Mangarelli is also a director of IC Ventures and heads the organization together with Sylvia Chebi of ThalesLab.
The government and the technology sector are betting on the influence that the arrival of several Argentine entrepreneurs who founded technology companies can have at a local level.
That, according to sources in the sector, helps to increase the contact with the founders in search of absorbing some management and process development lines for Uruguayan companies.
WHY THERE WILL BE MORE UNICORNS, ACCORDING TO FOUNDERS OF DLOCAL AND PEDIDOSYA
Fogel and Burschtin were also at the forum in Punta del Este on Thursday, where they shared a panel with the IDB representative in Uruguay, Matías Bendersky.
The entrepreneurs pointed out that focusing their businesses on the region is vital for a broad market.
“I have no doubt,” Fogel answered when Bendersky asked him if Uruguay would have more unicorns.
The dLocal founder referred to “a virtuous circle” given by the success stories observed by investors and by people coming out of unicorns and wanting to found their companies.
Burschtin shared the assertion.
“With the opportunities out there, the funds in the region, this whole ecosystem, and the people that are coming out of companies to help teams, without a doubt, it naturally has to happen in the next few years,” said the former PedidosYaCEO.

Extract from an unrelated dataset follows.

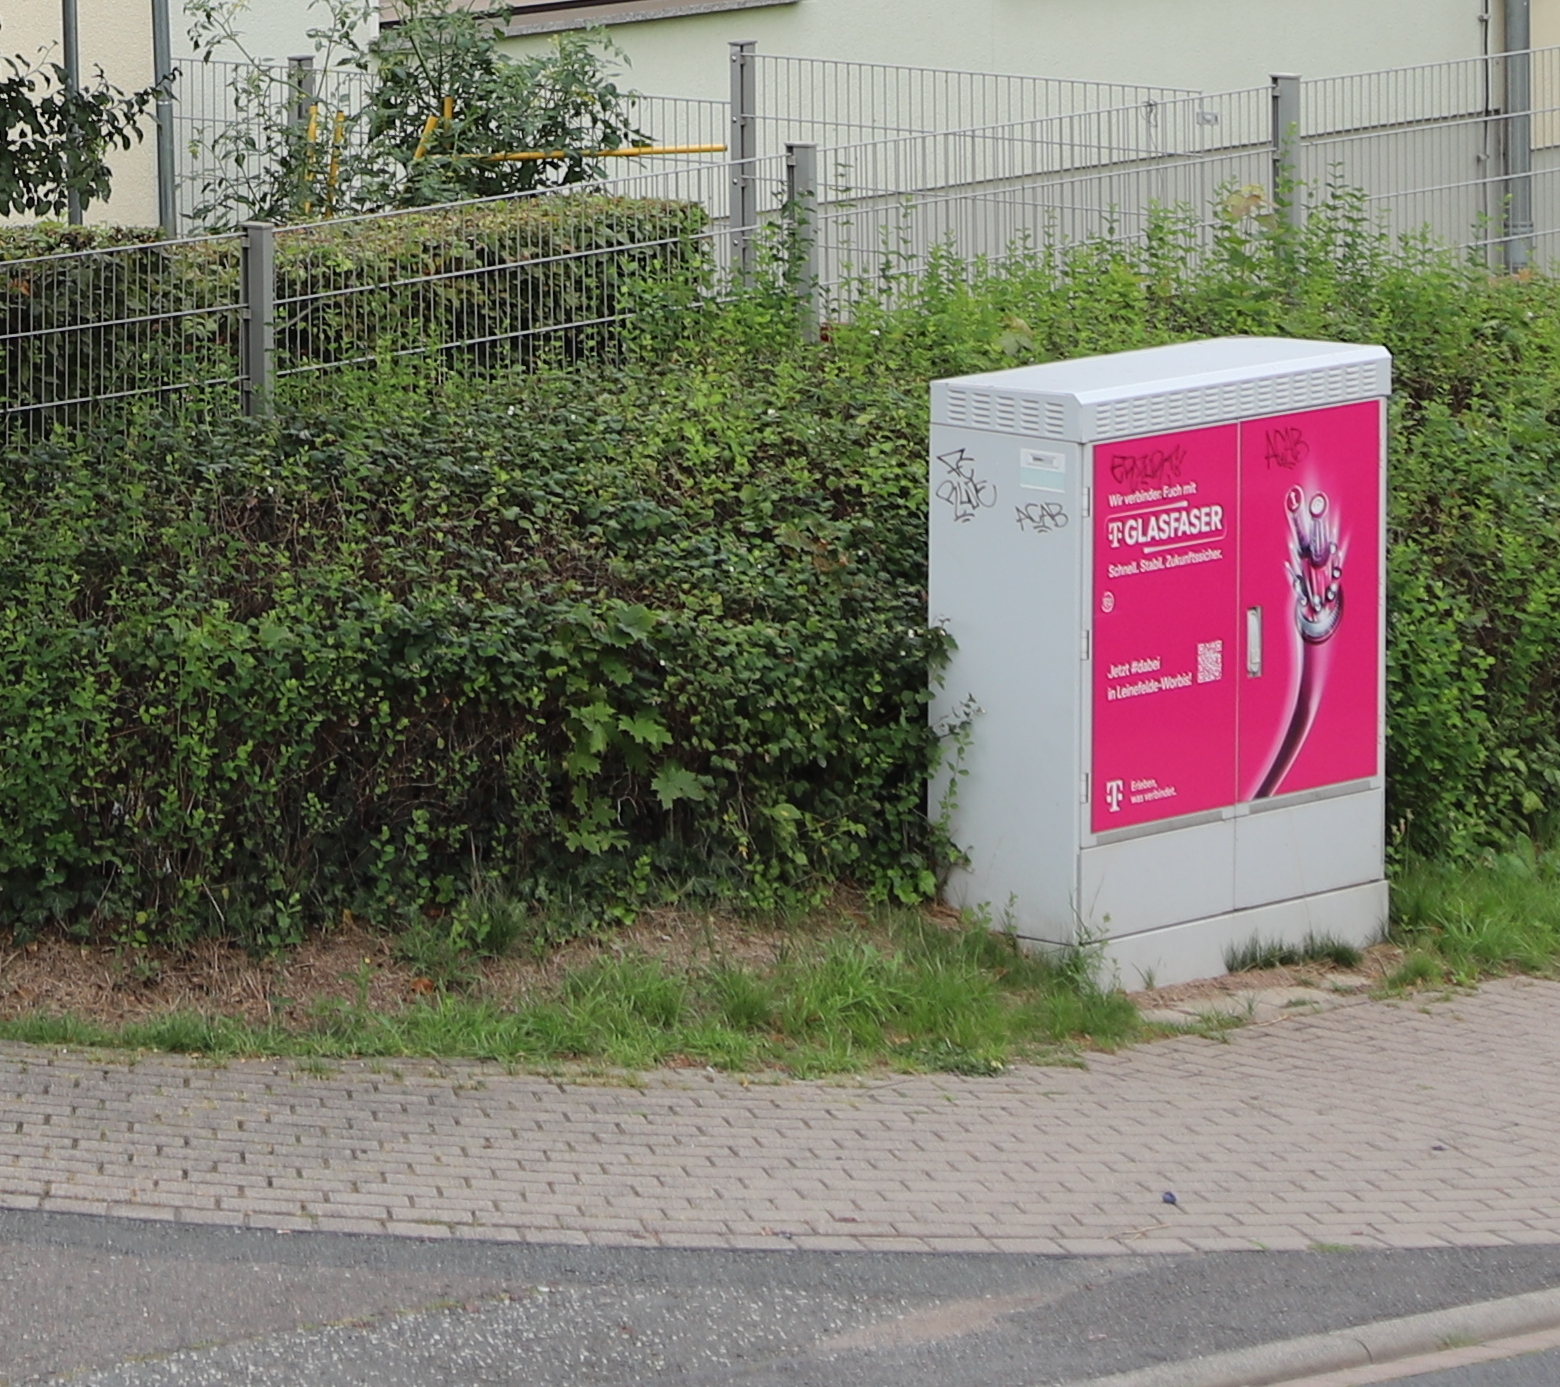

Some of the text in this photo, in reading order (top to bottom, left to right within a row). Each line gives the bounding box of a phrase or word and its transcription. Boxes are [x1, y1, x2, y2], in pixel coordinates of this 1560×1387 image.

Fogel said Uruguay, as a regional business’s base of operations, offers “clear and consistent rules.”
“We are in a region where every day it appears on the news that a country changed the rules, added a tax, and made multiple exchange rates.
“Uruguay has its advantages and shortcomings, but if you look at the last 40 years, we have been following the same macroeconomic line.
“The benefits for the software industry have been maintained, and I don’t see that it is going to change,” he said.
He added that another advantage for fintechs, said Fogel, is that financial industry regulators are accessible, which makes it possible to get meetings with the Central Bank of Uruguay or the Ministry of Industry in short periods.
Burschtin maintained that Orok Ventures entered eight companies for the time being.
“We are very measured. Today we want to wait for the value we can give the startups and see how we continue to move in the entry of others,” he said.